WHAT YOU SHOULD DO: This exercise asks for the entries below to be printed exactly.

(Dataset records)
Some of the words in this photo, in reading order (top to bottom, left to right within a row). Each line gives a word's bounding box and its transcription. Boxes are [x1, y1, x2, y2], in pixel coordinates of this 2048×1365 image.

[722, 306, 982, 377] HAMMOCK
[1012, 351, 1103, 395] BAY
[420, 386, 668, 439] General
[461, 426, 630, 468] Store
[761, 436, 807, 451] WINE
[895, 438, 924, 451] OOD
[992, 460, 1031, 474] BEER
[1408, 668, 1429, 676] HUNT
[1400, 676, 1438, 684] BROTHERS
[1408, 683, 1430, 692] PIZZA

PROBLEM SOLUTION:
Some of the words in this photo, in reading order (top to bottom, left to right within a row). Each line gives a word's bounding box and its transcription. Boxes are [x1, y1, x2, y2], in pixel coordinates of this 2048×1365 image.

[722, 306, 982, 377] HAMMOCK
[1012, 351, 1103, 395] BAY
[420, 386, 668, 439] General
[461, 426, 630, 468] Store
[761, 436, 807, 451] WINE
[895, 438, 924, 451] OOD
[992, 460, 1031, 474] BEER
[1408, 668, 1429, 676] HUNT
[1400, 676, 1438, 684] BROTHERS
[1408, 683, 1430, 692] PIZZA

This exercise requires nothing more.